Stone Mountain rises out of the woods east of Atlanta like the sun appearing above the horizon.  Its quartz dome is the centerpiece of Stone Mountain Park where Tim and I were parked last weekend.


The park not only offers the campground but also encompasses a golf course, an amusement park, a short train track and more than 15 miles of hiking trails.


Indeed, this campground has made our Favorite Campgrounds of 2017 list.  Either we are doing a better job of researching places to camp or we've had the luck of the Irish.  Regardless, it's going to be difficult to pick Number One next December when we post our year in review.


A full-size locomotive from the 1940s pulls open-air cars on a five-mile excursion around the mountain.  Though we were tempted to climb aboard, we virtuously decided to save our money and get our exercise instead.


So we stepped across the tracks to search for the trailhead to the Cherokee Trail.  

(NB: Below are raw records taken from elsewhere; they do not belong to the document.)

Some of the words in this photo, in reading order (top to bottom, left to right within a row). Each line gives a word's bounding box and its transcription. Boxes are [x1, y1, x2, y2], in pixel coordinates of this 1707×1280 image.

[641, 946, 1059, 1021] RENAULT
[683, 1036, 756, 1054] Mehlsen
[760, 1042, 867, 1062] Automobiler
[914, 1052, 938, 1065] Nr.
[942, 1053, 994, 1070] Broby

Like the locomotive, Cherokee Trail also circles the mountain, but because it winds through the woods and along the lake, we saw few other hikers.  


But what we did see was a gristmill,


with its waterwheel and 


its trough, 


And the Confederate Memorial Carving that portrays President Jefferson Davis and Generals Robert E. Lee and Stonewall Jackson.  Gutzon Broglum, the same man who later conceived Mount Rushmore, was commissioned to create this carving.  Now, Tim and I can say we've seen both of his monumental works.


Oh, and did I forget?  There were trees--lots and lots of skeletal trees pared down to their stark winter beauty!




Later when we returned to the RV situated at the edge of Stone Mountain Lake, I searched Google for a poem that spoke of winter trees.   


I found two that I liked.  One was this poem, Bare Tree, by a favorite author, Anne Morrow Lindberg.

Already I have shed the leaves of youth,
stripped by the wind of time down to the truth
of winter branches.  Linear and alone
I stand, a lens for lives beyond my own,
a frame through which another's fire may glow,
a harp on which another's passion, blow. 
The pattern of my boughs, an open chart
spread on the sky, to others may impart
its leafless mysteries that I once prized,
before bare roots and branches equalized,
tendrils that tap the rain or twigs the sun
are all the same, shadow and substance one.
Now that my vulnerable leaves are cast aside,
there's nothing left to shield, nothing to hide. 
Blow through me, Life, pared down at last to bone,
so fragile and so fearless have I grown!



The other was a children's poem that tickled my fancy.  I've typed its couplets separately below.

Winter Trees by Geoge Szirtes

Aren't you cold and won't you freeze,
with branches bare, you winter trees?


You've thrown away your summer shift,
Your autumn gold has come adrift.


Dearie me, you winter trees,
What strange behavior, if you please!


In summer you could wear much less,
But come the winter--you undress!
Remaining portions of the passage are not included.